Giants head coach Brian Daboll talks to quarterback Daniel Jones during...

Giants head coach Brian Daboll talks to quarterback Daniel Jones during training camp at the Quest Diagnostics Training Center in East Rutherford, N.J., on Aug. 15. Credit: Brad Penner

Daniel Jones grinned.

After months of, at times, flailing through the process of learning the offense that his new coaches brought here, not only to turn the team around but to salvage him; after weeks of testing and retesting just about every possible combination of route and motion in the dense playbook; after three preseason games in which only the most basic elements of the system were touched; and now that he and the team have had over a week to actually gameplan for an opponent and pare down that tome of plays into a digestible menu of what they think of as their greatest hits album, the quarterback was asked a simple question.

Will the offense we see on Sunday in Tennessee be better than what we have already witnessed this spring and summer?

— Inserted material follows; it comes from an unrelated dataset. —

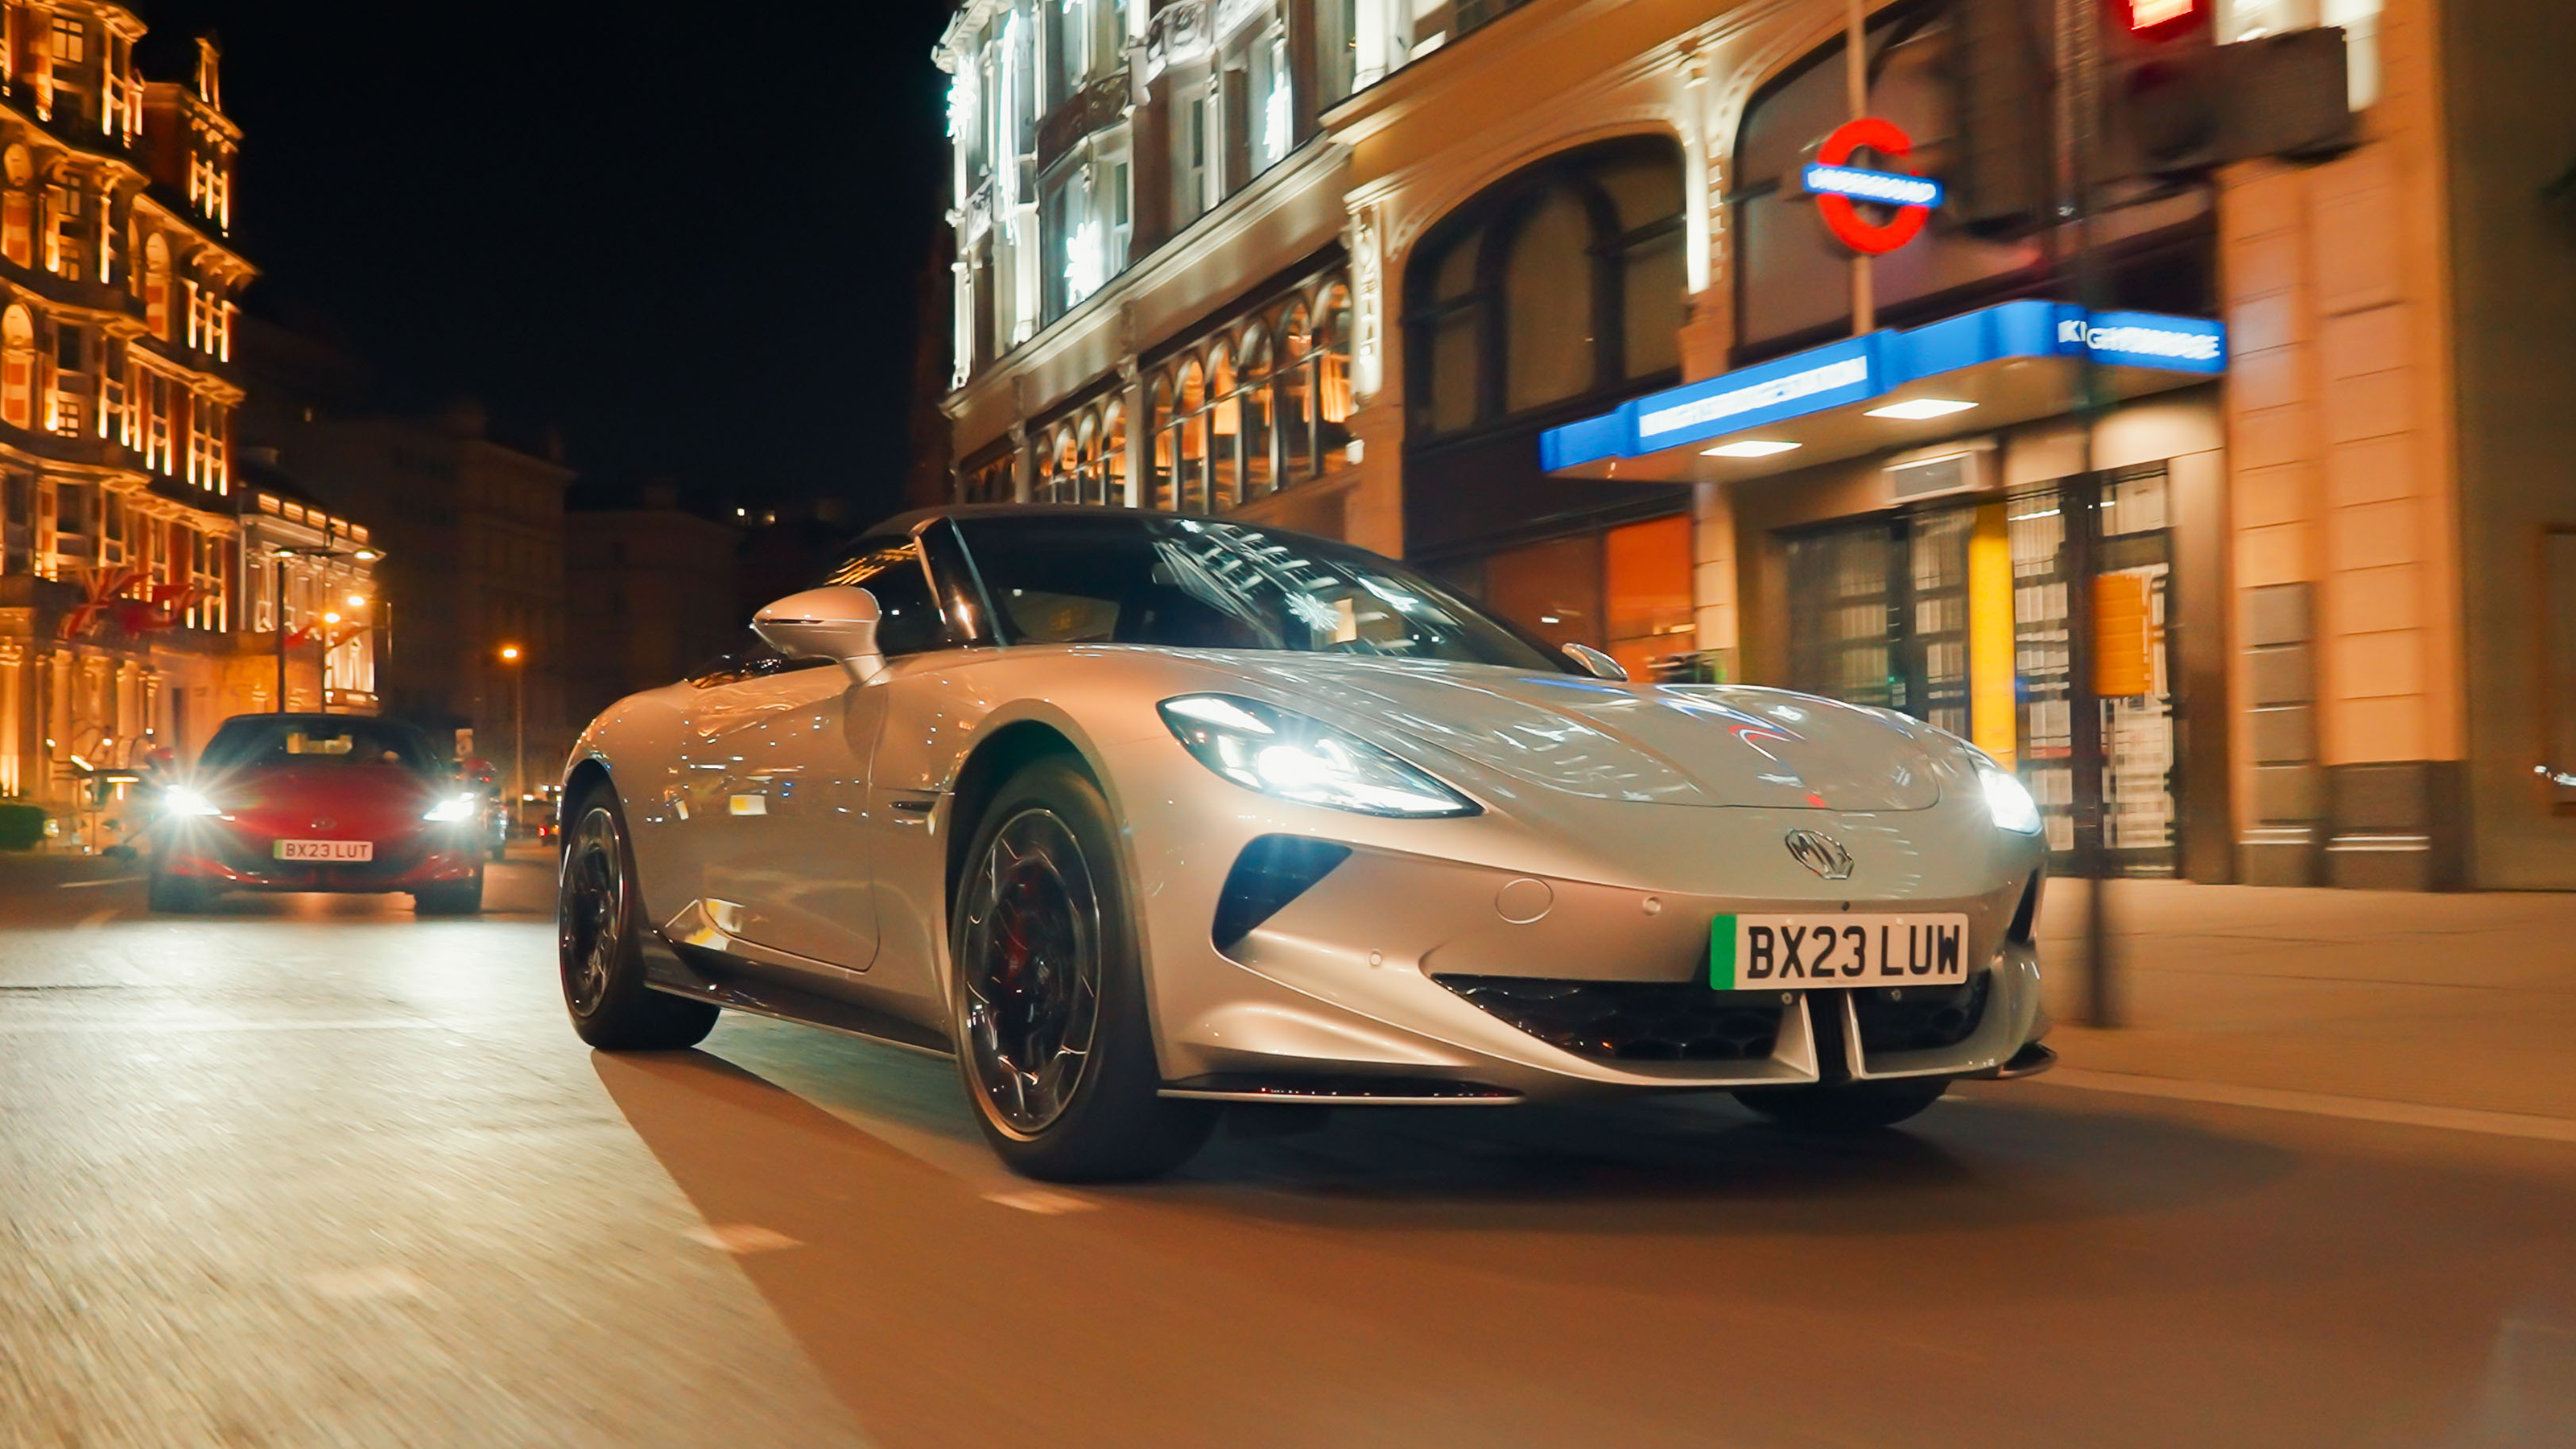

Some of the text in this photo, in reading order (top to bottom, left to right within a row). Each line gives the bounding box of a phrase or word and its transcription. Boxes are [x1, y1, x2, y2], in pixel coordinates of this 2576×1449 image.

“That’s the idea,” he said.

Now to make that grin last.

The Giants will partake in what has sadly become the biannual unveiling of an overhauled organization when they face the Titans on Sunday.

Just two years after the last debut of a new era, which had come two years after the previous one, which – well, you get the idea – Brian Daboll will try to do what none of his four predecessors (four if you want to count interim head coach, and at this point why wouldn’t we?) were able to accomplish.

Not only does he aim to survive in his role into a third season, but along with new general manager Joe Schoen, turn the team into a perennial title contender after a decade of futility.

To take the first steps toward that goal, plenty of elements have been instituted, philosophies tweaked, parameters expanded or tightened. But the most important thing Daboll brought with him from his time as a successful coordinator in Buffalo, the reason he is where he is at this very moment, is the offense.

And on Sunday we all get our first true look at it.

“I’m not going to make a prediction,” Daboll said of what those initial impressions will be. “But I’d just say [this week] you have more time to really study the things that you’re going to do in a game. You’re focusing on certain players. It’s a lot more detailed in terms of what you’re trying to get accomplished. Daniel, since I’ve been around him, I think he’s got the right approach really every week… I’ve been impressed with him.”

This is Jones’ fourth year in the NFL and his third different offense. That’s more new systems than Eli Manning had to learn in his 16 seasons with the Giants. It’s why team co-owner John Mara infamously said this past winter the Giants had done “everything possible to screw this kid up.”

Here, then, is the life-preserver Mara has decided to fling to Jones in the last year of his rookie contract. One last set of new ideas and concepts to see if they can mesh with his playing style. One final chance to float or perish. If Jones can’t utilize it, the Giants will find someone else who can.

This offense, which takes a lot from Daboll and Buffalo and a little from Kansas City thanks to the addition of new coordinator and play-caller Mike Kafka, has allowed other young quarterbacks (Josh Allen and Patrick Mahomes) and their teams to thrive. It’s a proven winner now being tested by a quarterback and an organization that has been anything but.

“I think it’s a versatile system,” Jones said. “I think it allows the quarterback to do a lot in the pocket, outside the pocket, in the run game. It allows us to get into advantageous looks depending on what the defense does, easily getting in and out of plays. I think from all those perspectives, it’s very quarterback-friendly for any quarterback.”

Perhaps it is friendly enough to save Jones’ career with the Giants. Perhaps it can save the Giants themselves, too.

We’ll see.

On Sunday we’ll all finally get to see.